How to write about Africa

Binyavanga Wainaina, writing in Granta about how to write about Africa:

Throughout the book, adopt a sotto voice, in conspiracy with the reader, and a sad I-expected-so-much tone. Establish early on that your liberalism is impeccable, and mention near the beginning how much you love Africa, how you fell in love with the place and can’t live without her. Africa is the only continent you can love—take advantage of this. If you are a man, thrust yourself into her warm virgin forests. If you are a woman, treat Africa as a man who wears a bush jacket and disappears off into the sunset. Africa is to be pitied, worshipped or dominated. Whichever angle you take, be sure to leave the strong impression that without your intervention and your important book, Africa is doomed.  ….

Broad brushstrokes throughout are good.
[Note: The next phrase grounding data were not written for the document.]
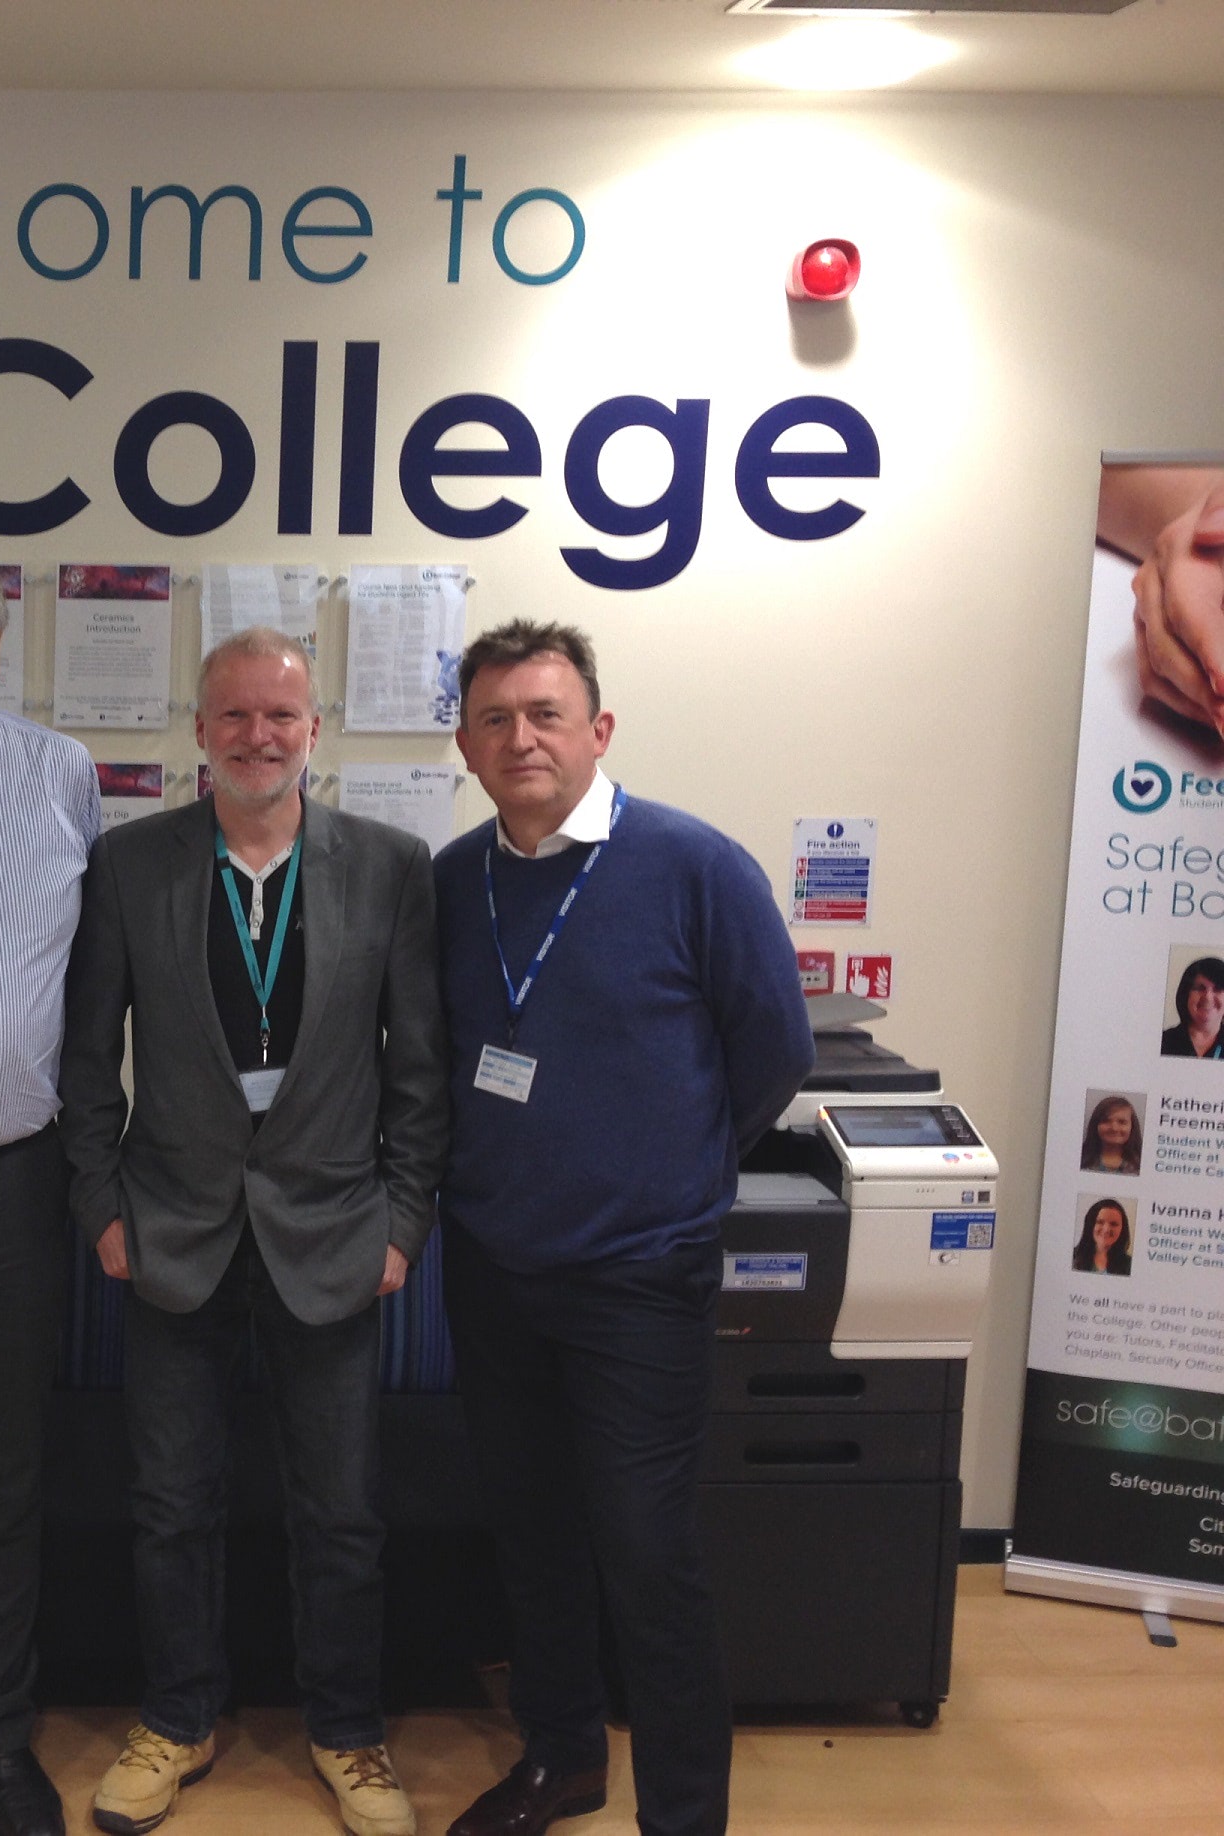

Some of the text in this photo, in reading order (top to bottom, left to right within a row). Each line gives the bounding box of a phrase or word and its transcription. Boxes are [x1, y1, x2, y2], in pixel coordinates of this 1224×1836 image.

[436, 154, 586, 286] to
[93, 613, 135, 622] Ceramics
[86, 625, 140, 633] Introduction
[1179, 798, 1223, 809] Student
[114, 811, 129, 819] Dip
[807, 840, 860, 849] Fire action
[1103, 880, 1224, 919] at Ba
[1160, 1113, 1224, 1131] Freema
[1158, 1135, 1210, 1148] Student
[1156, 1148, 1219, 1163] Officer at
[1155, 1161, 1201, 1175] Centre
[1152, 1202, 1211, 1220] Ivanna
[1149, 1223, 1203, 1237] Student
[1149, 1237, 1194, 1250] Officer
[1198, 1244, 1211, 1253] at
[1147, 1250, 1188, 1266] Valley
[1070, 1294, 1089, 1306] We
[1094, 1297, 1109, 1307] all
[1114, 1301, 1145, 1311] have
[1149, 1305, 1156, 1313] a
[1161, 1305, 1185, 1316] part
[1191, 1307, 1203, 1318] to
[1068, 1312, 1088, 1323] the
[1151, 1321, 1187, 1332] Other
[1066, 1330, 1089, 1341] you
[1129, 1352, 1181, 1369] Security
Avoid having the African characters laugh, or struggle to educate their kids, or just make do in mundane circumstances. Have them illuminate something about Europe or America in Africa. African characters should be colourful, exotic, larger than life—but empty inside, with no dialogue, no conflicts or resolutions in their stories, no depth or quirks to confuse the cause.
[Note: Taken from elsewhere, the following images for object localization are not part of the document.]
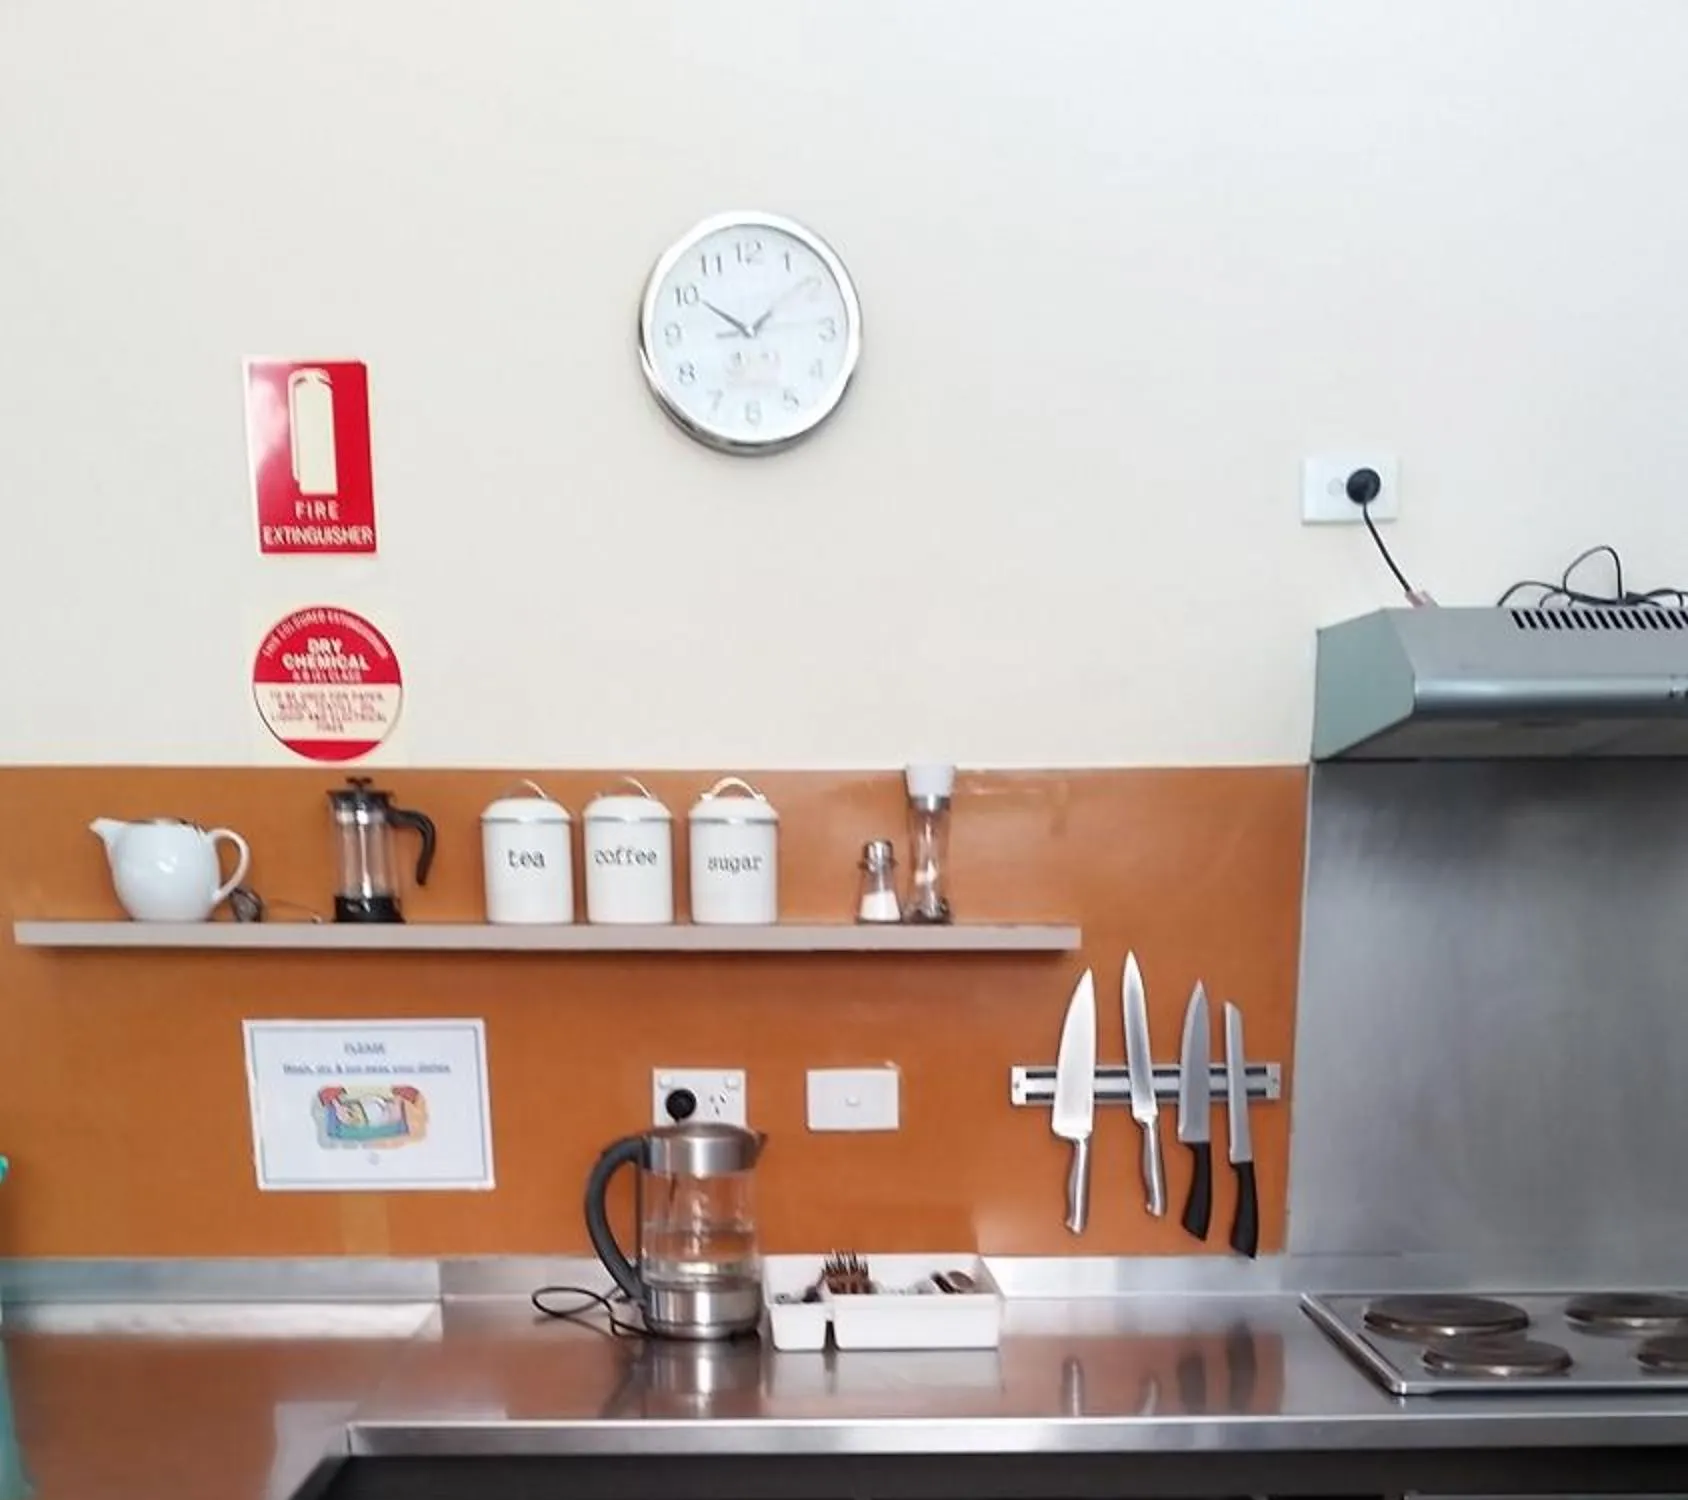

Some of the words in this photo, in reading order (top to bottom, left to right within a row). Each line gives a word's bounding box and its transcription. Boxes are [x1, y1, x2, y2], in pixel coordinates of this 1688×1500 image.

[735, 240, 764, 266] 12
[783, 251, 792, 273] 1
[700, 254, 723, 276] 11
[674, 282, 701, 307] 10
[663, 322, 682, 348] 9
[817, 316, 837, 343] 3
[676, 358, 698, 387] 8
[808, 358, 825, 380] 4
[706, 388, 724, 412] 7
[783, 387, 801, 412] 5
[744, 400, 763, 426] 6
[294, 500, 340, 521] FIRE
[262, 525, 375, 546] EXTINGUISHER
[307, 637, 343, 654] DRY
[281, 652, 371, 671] CHEMICAL
[508, 848, 546, 870] tea
[594, 844, 658, 867] coffee
[706, 854, 764, 875] sugar
Animals, on the other hand, must be treated as well rounded, complex
characters. They speak (or grunt while tossing their manes proudly) and
have names, ambitions and desires. They also have family values: see how lions teach their children?
Elephants are caring, and are good feminists or dignified patriarchs.
So are gorillas. Never, ever say anything negative about an elephant or
a gorilla. Elephants may attack people’s property, destroy their crops,
and even kill them. Always take the side of the elephant. Big cats have
public-school accents. Hyenas are fair game and have vaguely Middle
Eastern accents.

You must read this in full.

1 thought on “How to write about Africa”

  1. This is the way many African writers portray their continent in children’s stories. I fee that people and animals and their struggles are portrayed in a thoughtful and inciteful way. Is the article available online?